ちょうどこの時、選挙が行われていた。ダル君も選挙休みでアルバイトに来てくれたのだ。
真ん中にいるのが候補者。支持者と村人が候補者を囲んでいる。なぜ彼らの写真を撮ることになったのか、まるで覚えていないのだが・・・。もしかすると、撮ってくれと言われたのかもしれない。
それにしても、険しい顔の人々だ。
貧困にあえぐ国ネパールにあって、ここ西北部は最貧地域だろう。

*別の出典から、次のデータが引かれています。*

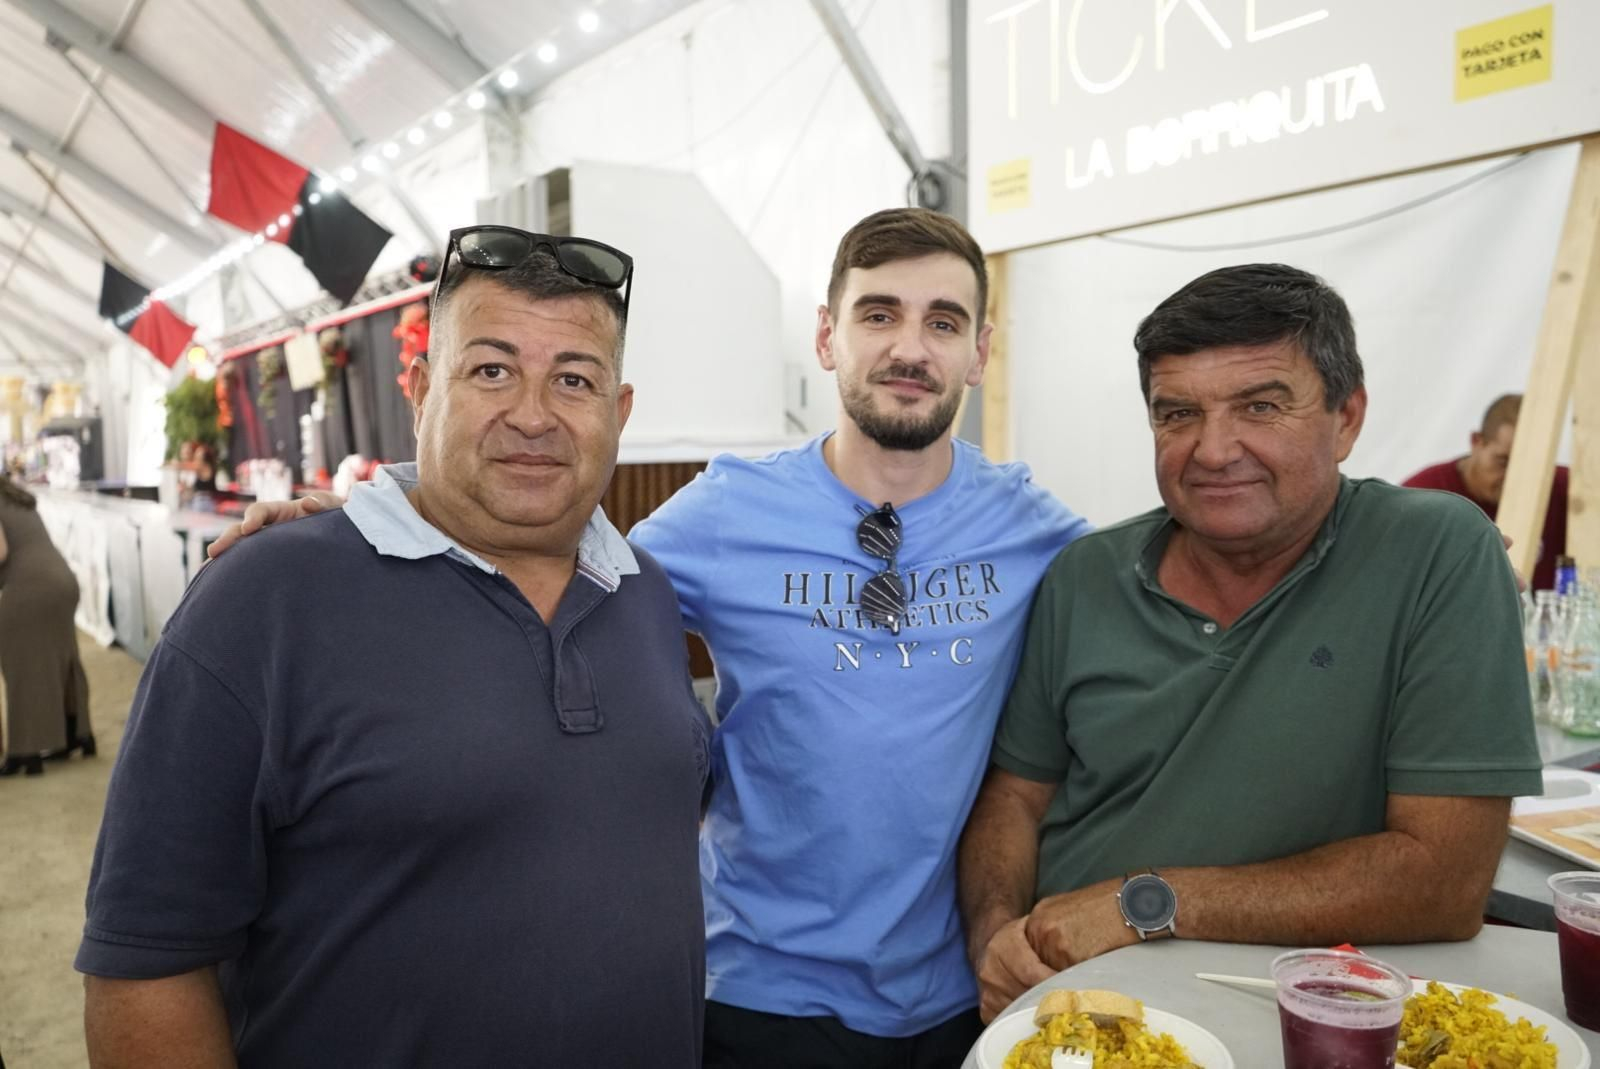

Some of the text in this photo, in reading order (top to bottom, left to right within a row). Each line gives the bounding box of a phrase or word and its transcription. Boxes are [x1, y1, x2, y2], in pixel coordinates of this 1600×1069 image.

[1508, 28, 1544, 48] CON
[1462, 47, 1543, 79] TARJETA
[1065, 137, 1114, 190] LA

このエリアにはトレッカーが好む山もないし、平らな土地すらほとんどないのだ。わずかの土地を耕し、わずかの家畜を飼う。自給自足といえば日本では聞こえがいいが、この国の実情は、それ以外どうしようもないからそうしているに過ぎないのだ。
後にこのエリアが共産主義者の活動エリアになっていくのも、よくわかる気がする。私はネパールのマオイストに与するものではないが、社会主義に救いを求めようとする住民の追い詰められようは、わずかなりとも理解しているつもりだ。

さて、道はまだまだ、険しい谷を進む。

※このあたり、写真の撮影日時が前後したりしています。出版されている本と違うことに気づかれる方もあるかもしれませんが、お許しください・・・・・・。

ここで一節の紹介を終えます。